Nous apprenons avec une immense tristesse la disparition de Maurice Rajsfus ce samedi 13 mai 2020, jour de mobilisation contre la violence et l’impunité policières. Les lignes qui suivent rendent hommage à celui qui a été la victime de cette violence, sous sa forme la plus radicale, puis un combattant acharné pour la dénoncer, la raconter, la décrire, l’analyser, l’archiver. C’est en somme un journaliste, un historien, un penseur, un militant que nous saluons, dans le sens le plus noble que peuvent avoir tous ces mots.
Né en 1928 à Aubervilliers, Maurice Rajsfus avait été arrêté le 16 juillet 1942 avec ses parents lors de la rafle du Vél d’Hiv par un policier français qui avait été son voisin de palier. Relâché à la suite d’un ordre excluant de la rafle les Juifs de 14 à 16 ans, il n’avait plus jamais revu ses parents. À compter de ce jour il était devenu un militant acharné contre les abus policiers, dont il a répertorié et décortiqué tous les avatars dans des livres (une trentaine), des articles (par centaines) et des bulletins militants (innombrables), du Vel d’Hiv qui fit de lui un orphelin aux dites « bavures » de l’ère Pasqua, Debré, Chevènement, Sarkozy, jusqu’à nos jours, en passant par l’ère coloniale et notamment le crime de masse du 17 octobre 1961.

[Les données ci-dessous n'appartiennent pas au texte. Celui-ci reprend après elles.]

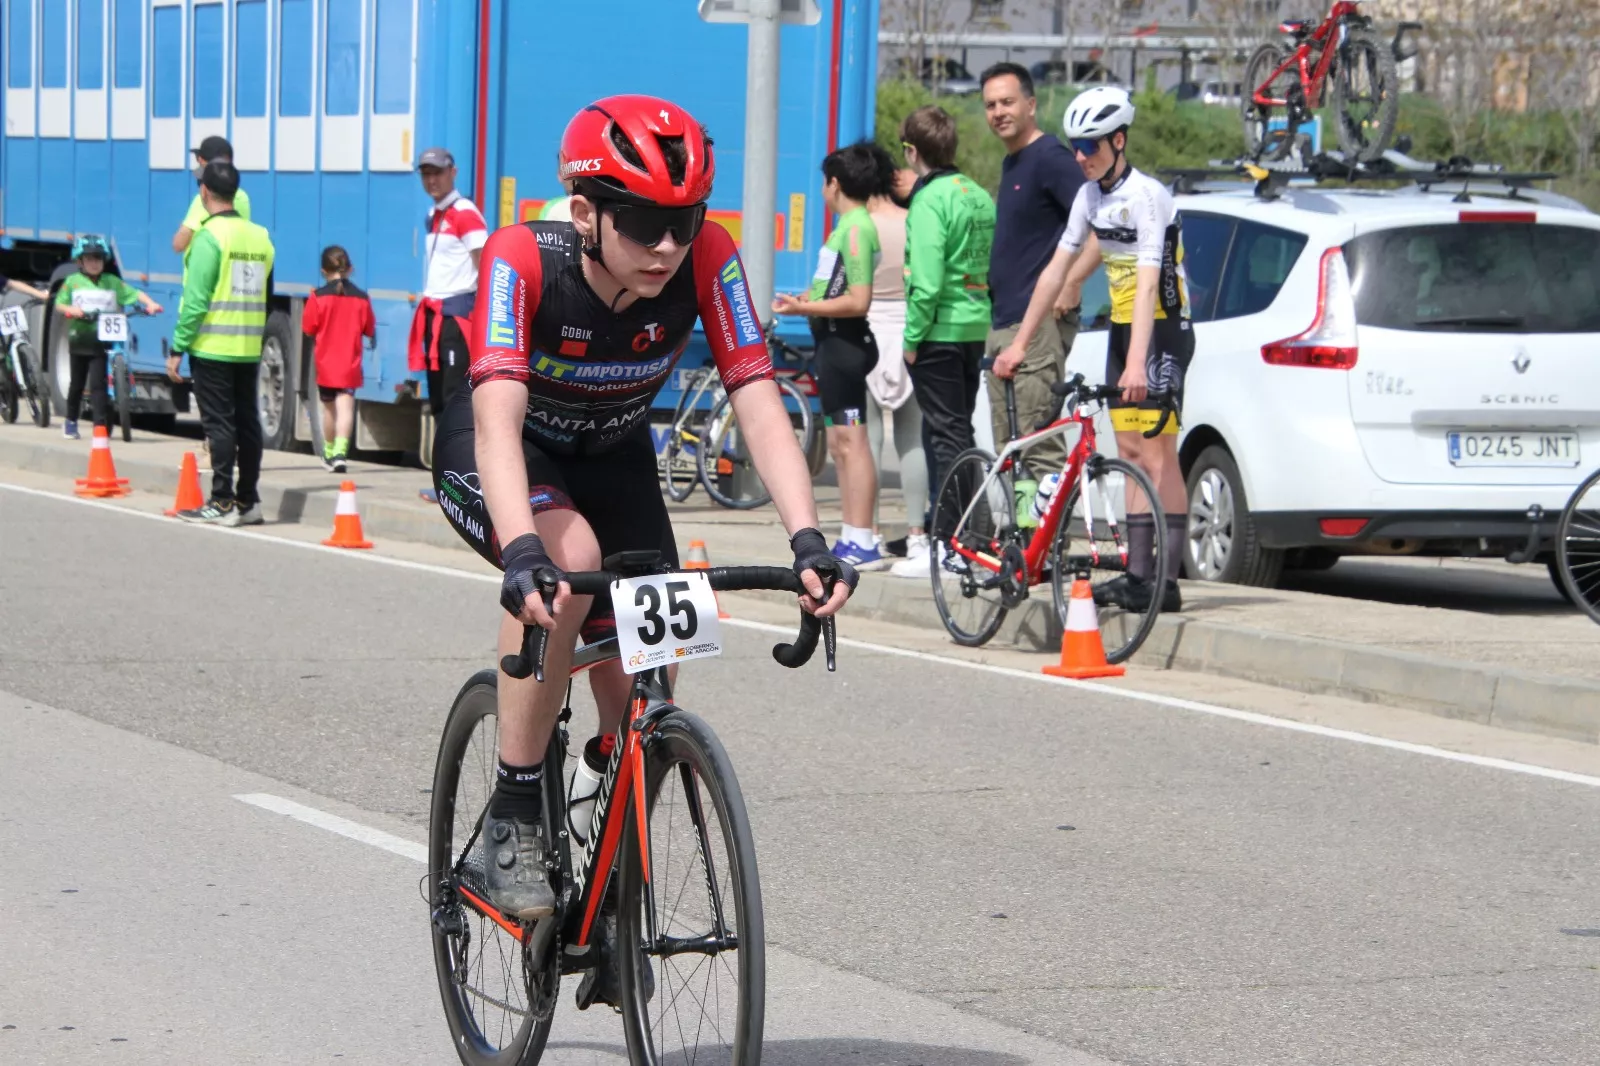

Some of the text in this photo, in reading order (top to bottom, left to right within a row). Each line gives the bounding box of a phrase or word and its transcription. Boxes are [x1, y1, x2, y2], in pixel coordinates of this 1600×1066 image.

[492, 263, 511, 322] IMPOTUSA
[3, 311, 19, 328] 87
[731, 281, 759, 342] IMPOTUSA
[104, 317, 121, 334] 85
[561, 325, 593, 341] GOBIK
[574, 357, 669, 379] IMPOTUSA
[526, 403, 596, 431] SANTA
[602, 404, 646, 429] ANA
[1465, 436, 1573, 457] 0245 JNT
[439, 489, 486, 544] SANTA ANA
[634, 581, 698, 646] 35

Nous avons eu la chance de le croiser en maintes occasions militantes, et aussi parce que nous avons partagé un même éditeur (L’Esprit frappeur) et donc quelques « tables » lors de salons du livre militant, où il dédicaçait son Journal discordant ou Que fait la police, l’anthologie de son Observatoire des Libertés Publiques, cofondé avec Alexis Violet, ou encore Les silences de la police, co-écrit avec Jean-Luc Einaudi, un autre grand historien autodidacte, un autre camarade.

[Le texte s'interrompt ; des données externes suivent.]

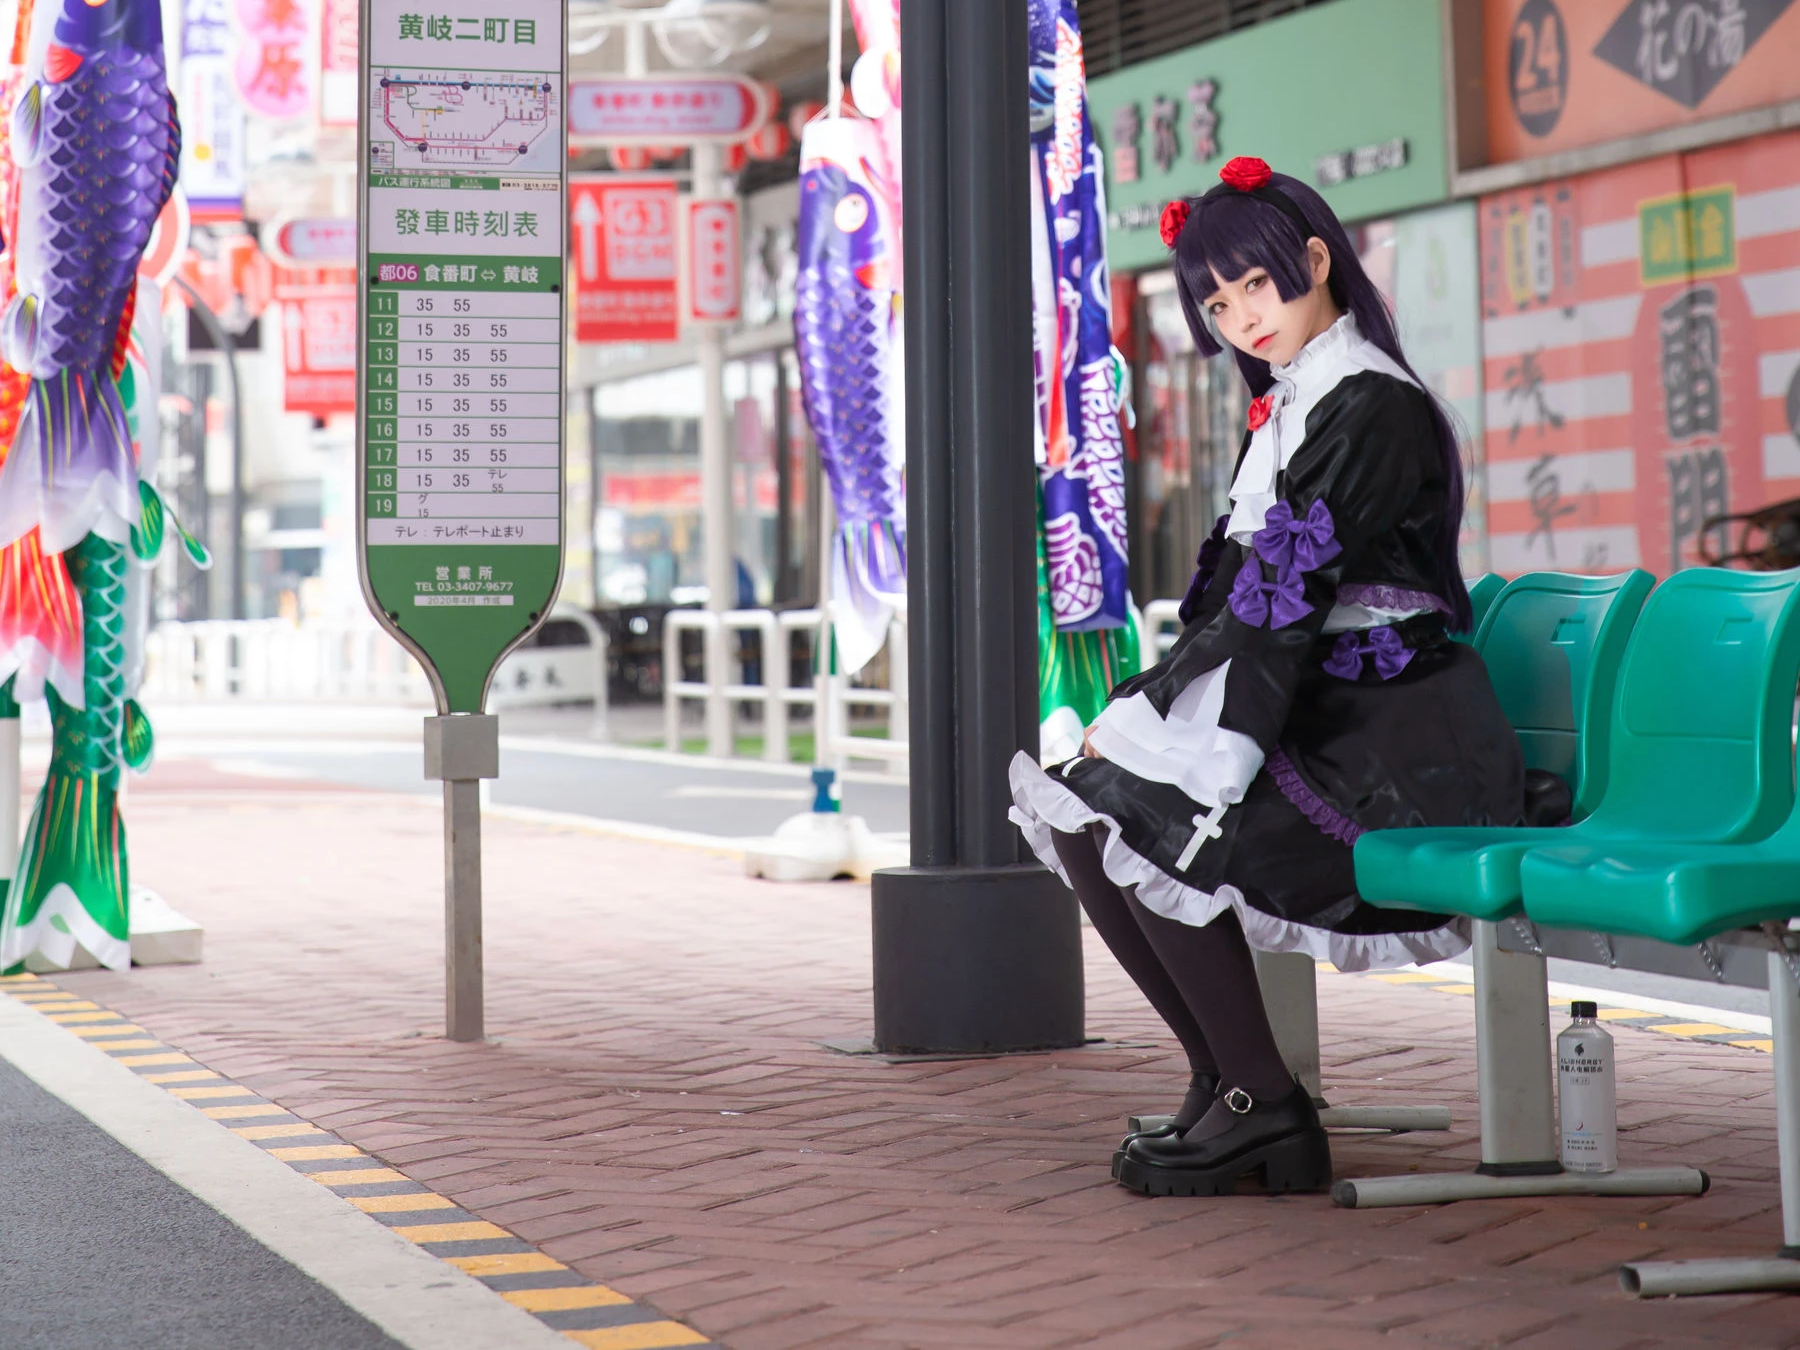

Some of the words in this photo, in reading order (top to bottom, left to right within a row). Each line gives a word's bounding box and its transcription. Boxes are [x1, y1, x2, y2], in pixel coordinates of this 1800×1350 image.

[398, 13, 536, 45] 黄岐二町目
[395, 208, 539, 238] 發車時刻表
[379, 264, 418, 281] 都06
[378, 297, 392, 311] 11
[417, 298, 433, 311] 35
[454, 299, 470, 312] 55
[378, 322, 393, 336] 12
[418, 323, 433, 336] 15
[454, 324, 470, 336] 35
[491, 324, 507, 337] 55
[378, 348, 393, 361] 13
[418, 348, 432, 361] 15
[454, 349, 470, 361] 35
[491, 349, 507, 362] 55
[378, 373, 392, 386] 14
[418, 373, 432, 386] 15
[453, 374, 470, 386] 35
[491, 374, 507, 387] 55
[377, 398, 392, 411] 15
[418, 399, 432, 411] 15
[453, 399, 469, 411] 35
[491, 399, 507, 412] 55
[377, 423, 392, 436] 16
[418, 424, 432, 436] 15
[453, 424, 469, 436] 35
[490, 424, 506, 437] 55
[376, 449, 393, 462] 17
[417, 449, 432, 462] 15
[453, 449, 469, 462] 35
[490, 449, 506, 462] 55
[376, 474, 393, 487] 18
[417, 474, 432, 487] 15
[453, 474, 469, 487] 35
[376, 499, 393, 512] 19
[416, 581, 434, 591] TEL

Maurice fut non seulement un pionnier dans la lutte contre l’arbitraire, la violence et le racisme policier, mais plus largement il fut de tous les combats contre l’injustice, en France, en Palestine et partout ailleurs. On le retrouvait dans toutes les pétitions, tous les meetings, toutes les manifs, toutes les initiatives militantes, pourvu que les causes soient justes, y compris les plus « clivantes » et les plus attaquées, comme en 2003 lorsqu’il a fallu s’opposer à une loi d’exception visant les élèves musulmanes voilées. Nous nous souvenons de ses mots lorsqu’il nous donna sa signature pour la pétition « Oui à la laïcité, non aux lois d’exception », prononcés doucement, comme s’il se défendait à l’avance face aux possibles jugements de ses « pairs » d’extrême gauche (qui hélas furent monnaie courante) : « Je suis athée et anti-curé, mais là ce sont des gamines qui veulent aller à l’école ». Et bien évidemment c’est lui qui avait raison.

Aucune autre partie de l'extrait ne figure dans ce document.